En fait, la vue de “Grand-père Lénine” était simplement insupportable aux yeux des Ukrainiens. Il leur rappelait que tout ce qu’ils ont n’est pas dû à une nation forte et puissante qui s’est battue pour l’obtenir. C’est parce qu’il était une fois un grand oncle russe qui a essayé de réaliser certaines de ses idées utopiques, et que les Ukrainiens n’étaient pas l’essence créatrice de sens de ces idées, mais seulement un outil qui lui était tombé sous la main.

Tout comme aujourd’hui, ils sont un outil, mais dans des mains complètement différentes.

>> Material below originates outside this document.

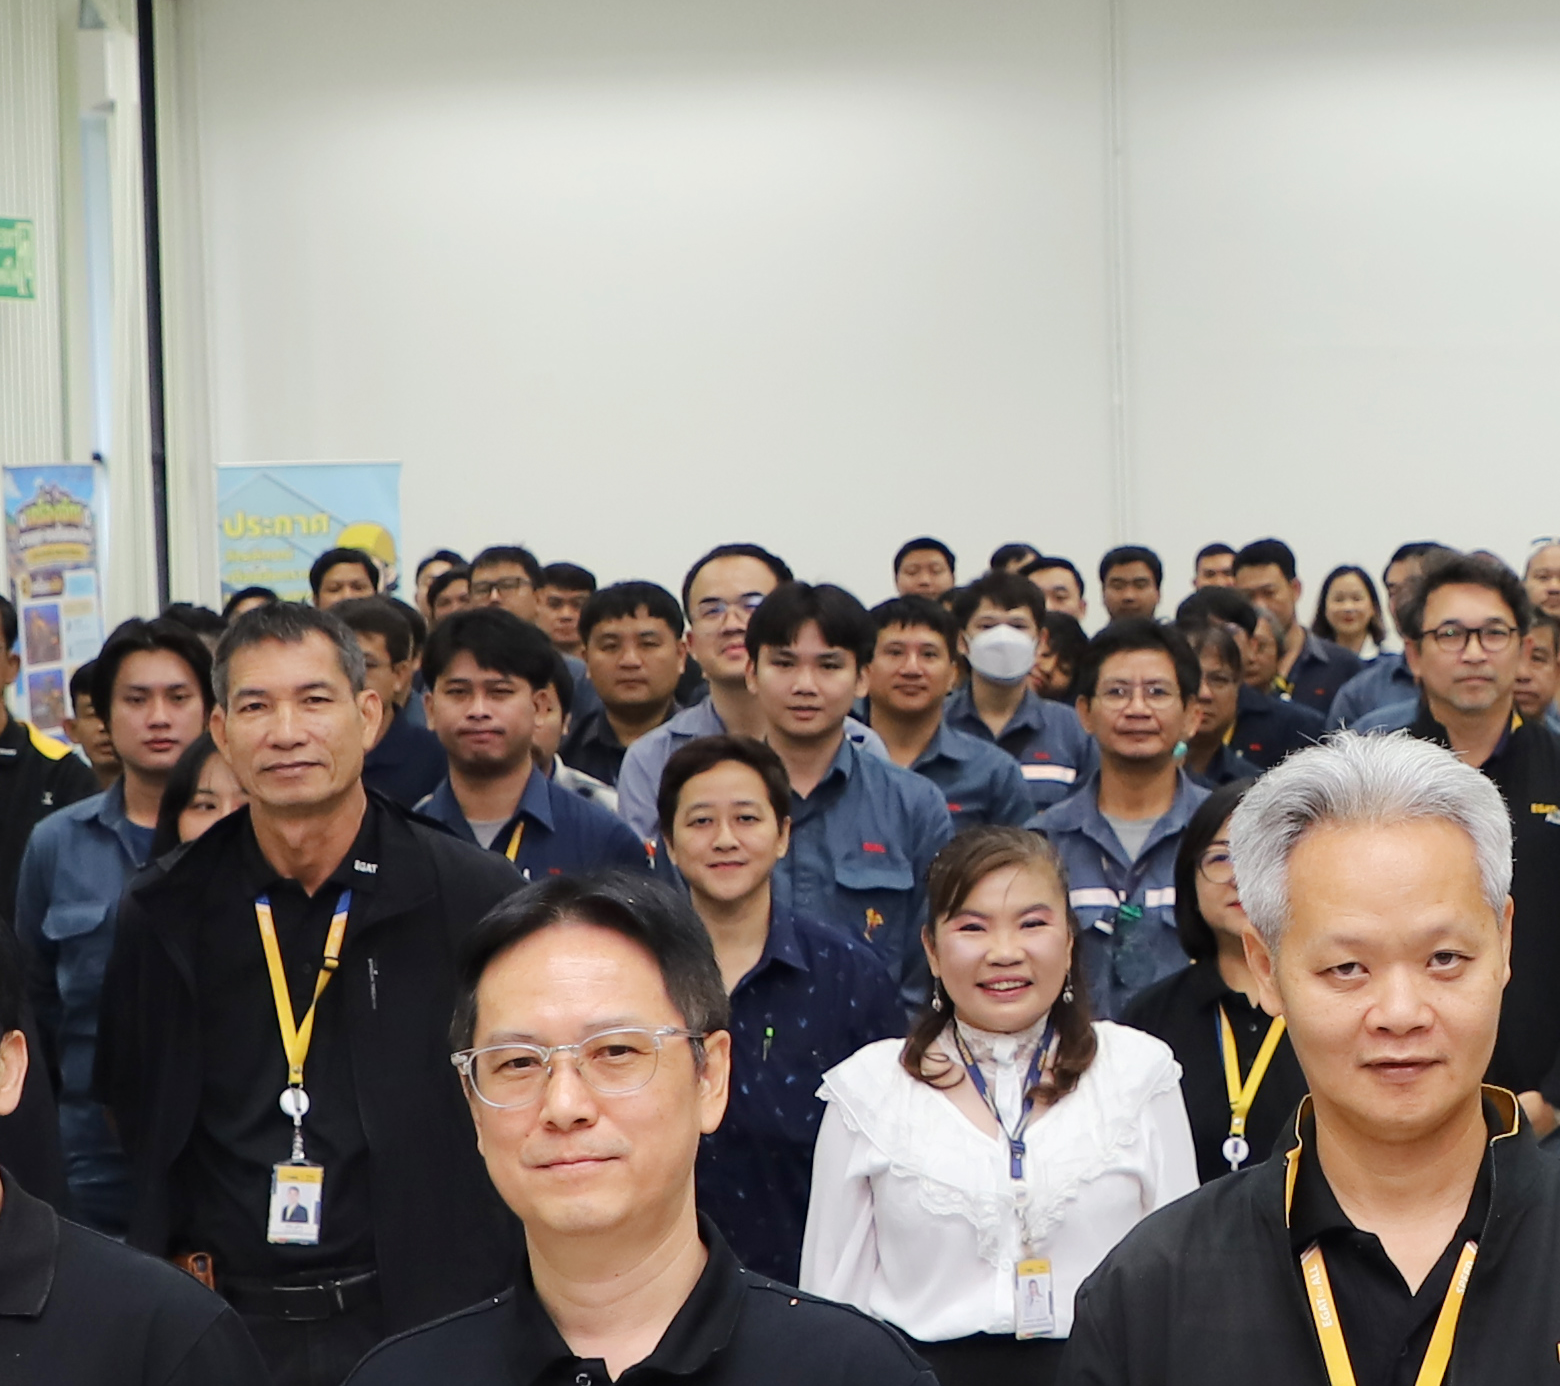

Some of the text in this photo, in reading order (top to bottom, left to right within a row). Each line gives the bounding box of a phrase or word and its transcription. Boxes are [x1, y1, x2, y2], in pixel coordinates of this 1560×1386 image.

[223, 510, 330, 539] ประกาศ
[1308, 1263, 1322, 1286] ALL
[1316, 1299, 1333, 1328] EGAT

(1) On appelle cela en ukrainien (et en russe du coup) le “Leninopad”, des mots Lénine + pad (tomber), par analogie avec le nom du mois de novembre en ukrainien “listopad” (chute des feuilles) ; les noms des mois en ukrainien (repris du polonais) sont poétiques, un peu comme dans le “calendrier révolutionnaire”, alors qu’en russe ce sont les mots latins (internationaux) qui sont utilisés.

On peut noter aussi que ce déni du rôle de la Russie (par exemple dans la victoire sur le nazisme et les conquêtes sociales après la Libération) est très présent également en France, et pour des raisons similaires. (note de Marianne Dunlop)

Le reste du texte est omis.